The truth is that half the population is sub 100 IQ and many are well below that, and they can struggle with the basic verbal and spatial skills required in the majority of white collar jobs, even ‘fake email jobs’. Take an iconic fake email job like a product marketing manager at a FAANG, the reality of it still requires an above average intelligence even if they’re only working a few hours a day.

FAANG is like the Ivy League of the real world. They are going to get top employees.

But there are lots of fake email jobs that are not FAANG. Take, for example, the 10% of the private sector that works at nonprofits (up from approximately 0% in 1960). Many of them are quite stupid indeed. As time goes on, the average IQ of the college graduate continues to fall, and today is not much above the population-wide average. And, of course, stupid people struggle at blue collar professions at well.

I think it takes more intelligence to be a good HVAC repairman than it does to shuffle papers back and forth at a non-profit.

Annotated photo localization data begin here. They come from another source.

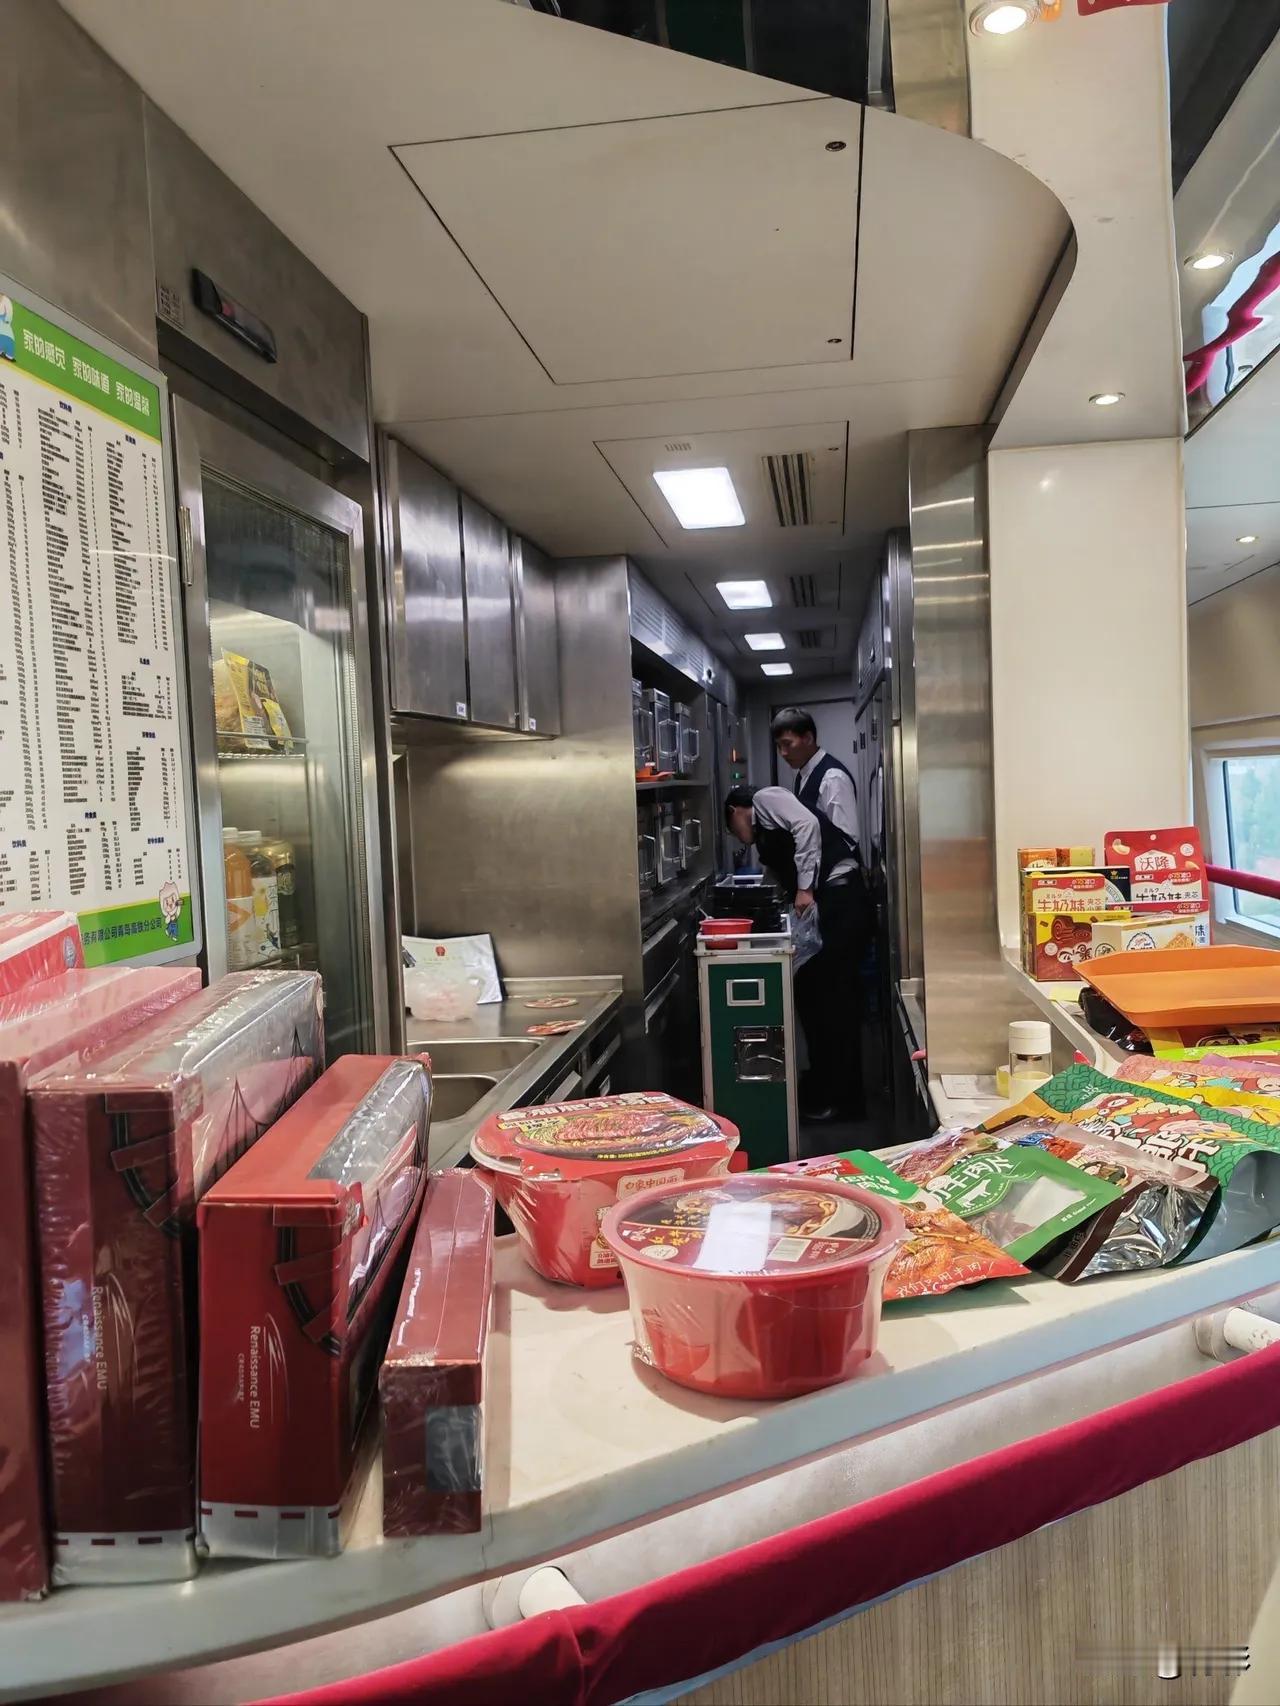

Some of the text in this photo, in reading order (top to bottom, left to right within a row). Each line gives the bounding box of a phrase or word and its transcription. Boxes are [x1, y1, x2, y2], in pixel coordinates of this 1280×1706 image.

[1139, 856, 1170, 871] 沃隆
[81, 917, 162, 945] 务有限公司青岛高铁分公司
[91, 1285, 108, 1390] Renaissance EMU
[249, 1325, 261, 1429] Renaissance EMU
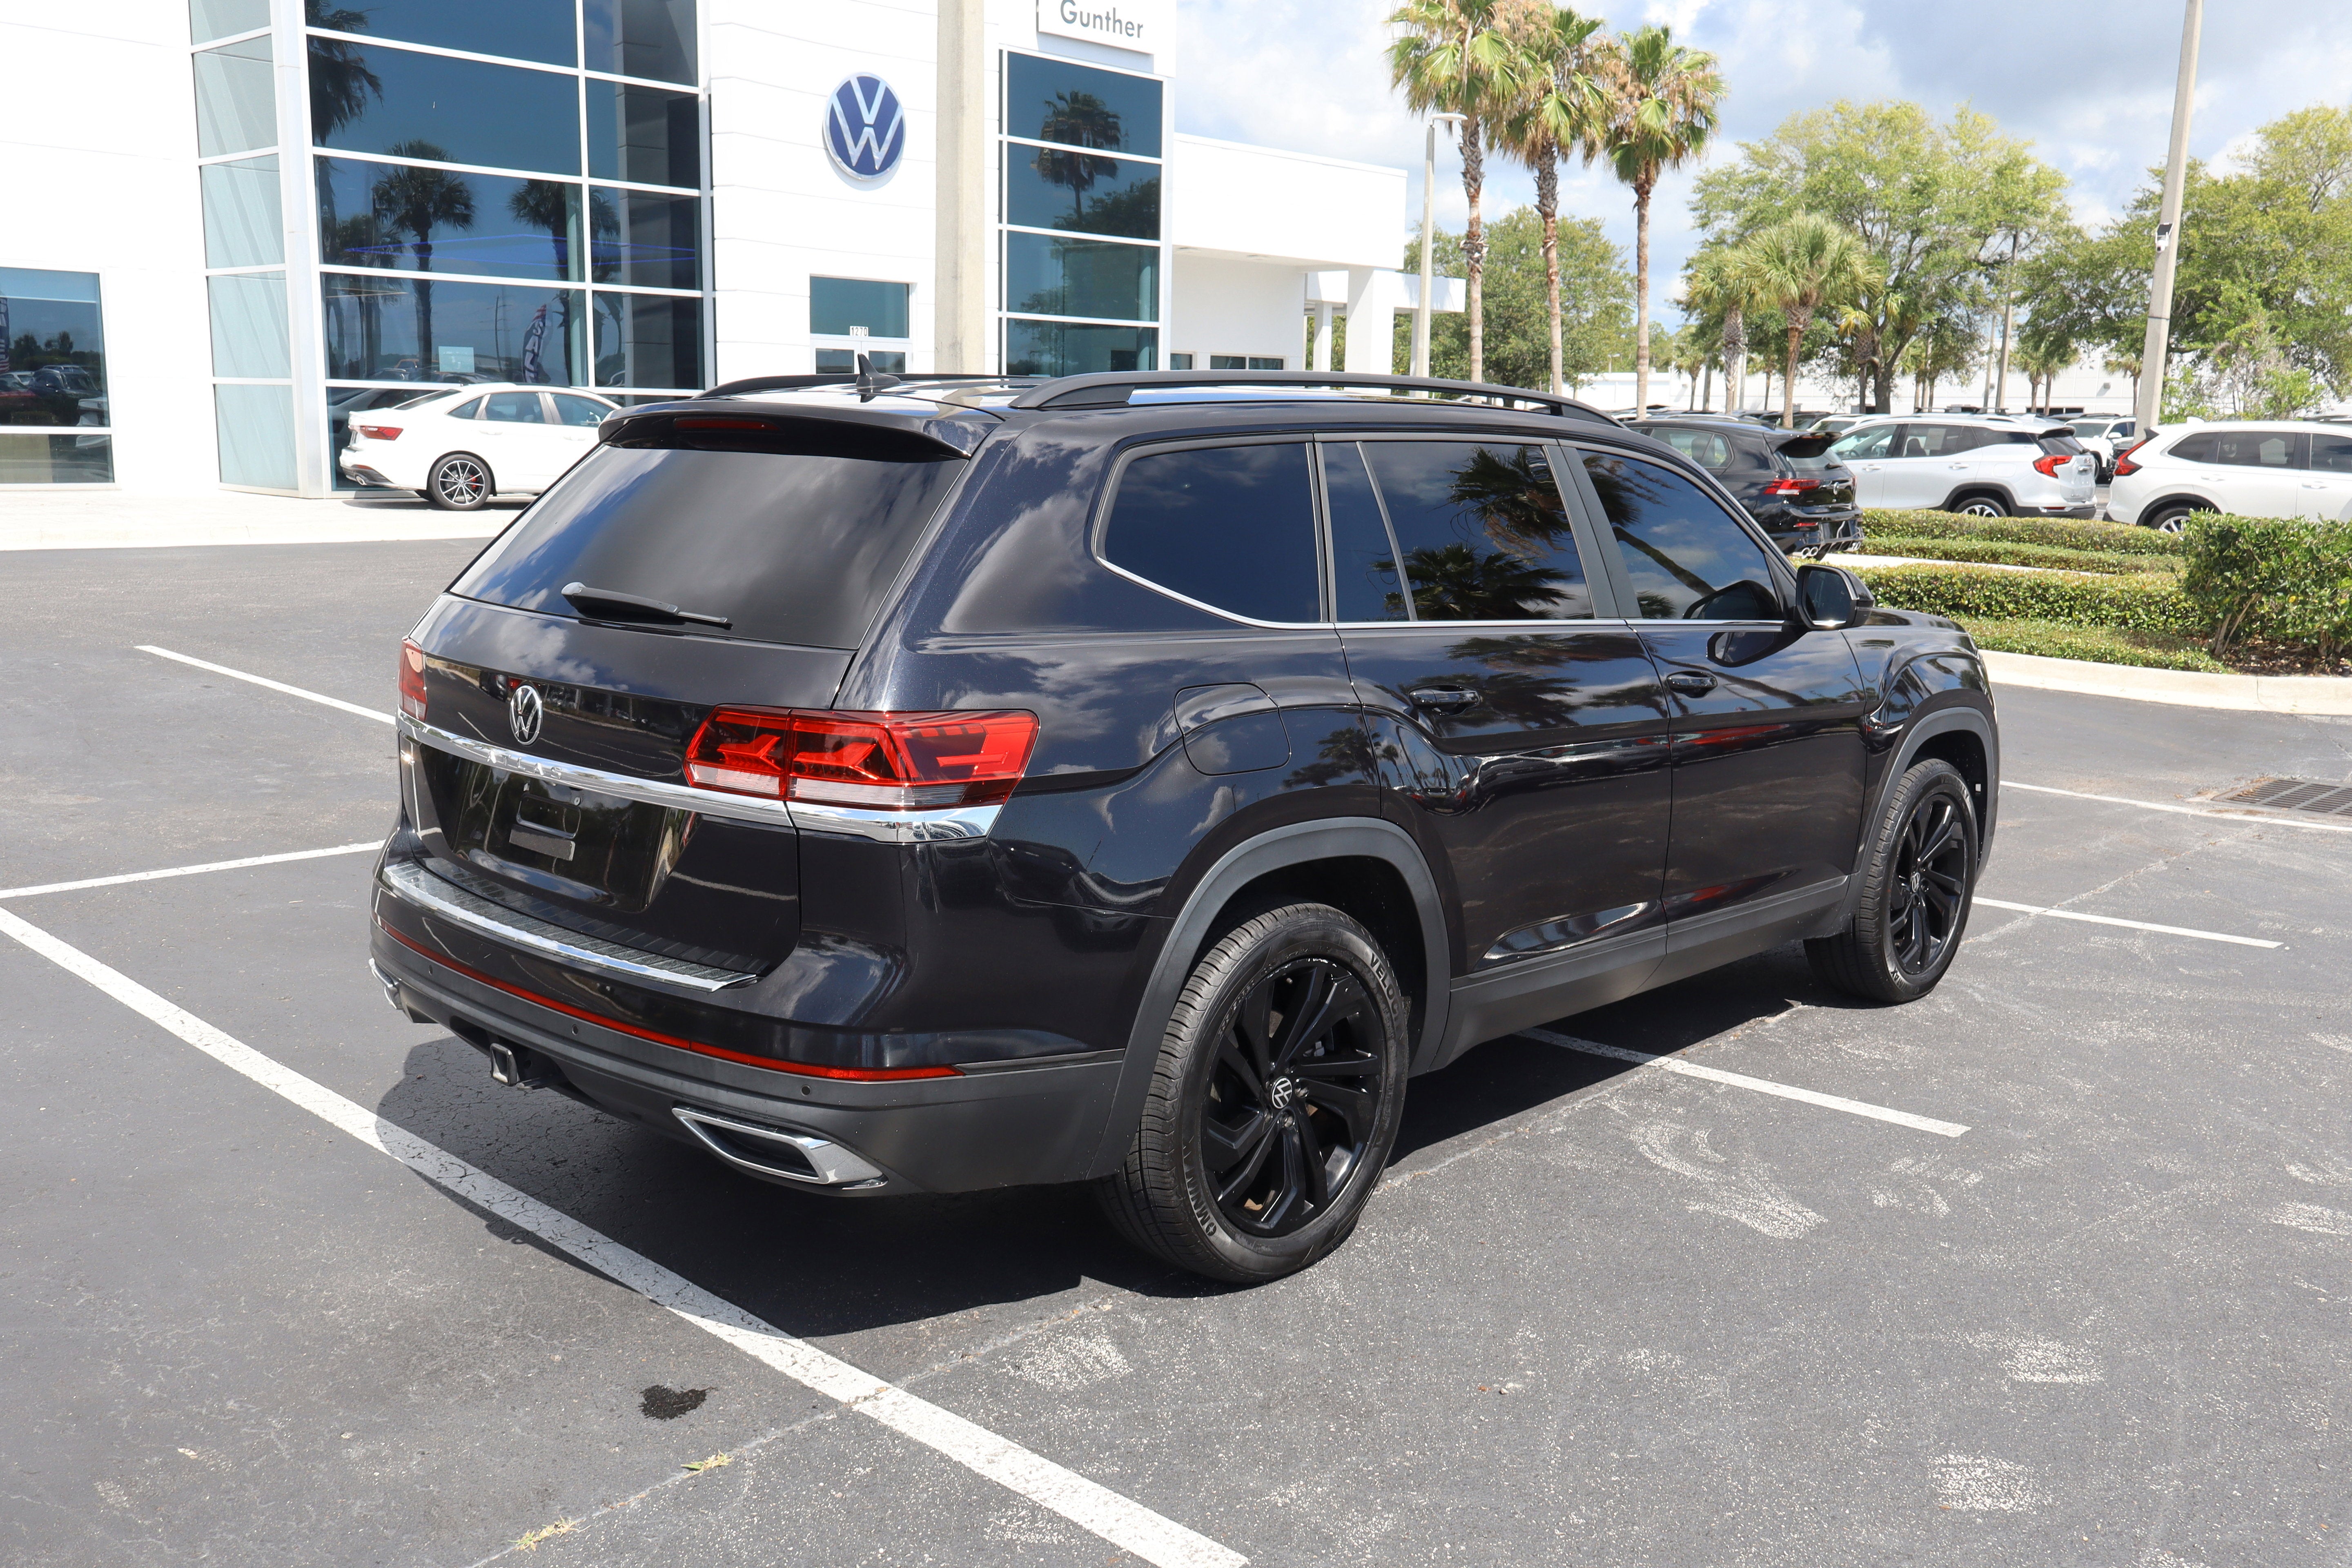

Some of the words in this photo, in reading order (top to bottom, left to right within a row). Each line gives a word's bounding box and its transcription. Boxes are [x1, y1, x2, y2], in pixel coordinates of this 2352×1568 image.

[1060, 0, 1143, 39] Gunther
[829, 74, 904, 172] VW
[851, 327, 868, 336] 1270
[512, 686, 541, 742] VW
[487, 749, 562, 780] ATLAS
[1370, 952, 1404, 1039] VELOC
[1273, 1079, 1292, 1108] VW

Take, for example, the 10% of the private sector that works at nonprofits (up from approximately 0% in 1960). Many of them are quite stupid indeed.

Most employees of non-profits are employed by large service-providing non-profits with the largest single group being universities and university hospital systems. I don't think that academics and healthcare workers are "quite stupid indeed". The annoying wowzer subset of nonprofits is a lot less than 10% of employees.

I think it takes more intelligence to be a good HVAC repairman than it does to shuffle papers back and forth at a non-profit.

This might be true(I have no idea how smart you have to be to do non-profit work), but you don't have to be a good HVAC repairman to make a living. You don't, in point of fact, have to be a good HVAC repairman to make near the top of compensation for HVAC techs- many 'techs' are more realistically sales guys who are paid ~$20/hr plus 10% commission on all equipment sold to the customer through leads they generate, and HVAC companies commonly charge 400%+ markup on new systems. Installers make $15-$20/hr and get hired right out of the probation office, so it's an extremely profitable racket all around.

The key to a residential AC guy making his boat payment is, counterintuitively, to not fix very many air conditioners.

Because they lack connections to centers of powers.

This strains credulity when juxtaposed with reality. I got a desk job with no connections, as did most of my friends + acquaintances in my graduating class.

credentialism makes it more difficult for people without rich parents to get fake email jobs.

I'm slightly more sympathetic to this argument, but still find it unconvincing. State schools aren't that expensive especially to genuinely poor individuals who can apply for all kinds of scholarships. There's also online options that are very cheap, e.g. I'm finishing up a masters in CS that only cost about $6K total, of which I paid around $1k

This strains credulity when juxtaposed with reality.

A better way of saying this would be simply "I disagree".

I've dug ditches and worked in finance. This isn't the issue. Credentialism isn't what is stopping diggers from working fake email jobs.

Credentialism isn't what is stopping diggers from working fake email jobs.

IMO "fake email jobs" is a bit of a Russell's conjugation: "I have an important role keeping [industry] moving, you work remote as a middle-manager, and that guy over there has a fake email job." Not to say that all such jobs are useful, but I'd bet there'd be a fair bit of disagreement about whether any specific role qualified. People often don't have good visibility into what other departments are doing, and I'd bet nobody considers their job this way, but absolutely does sneer at, say, the accounting department ("it's all just a spreadsheet anyway") or purchasing.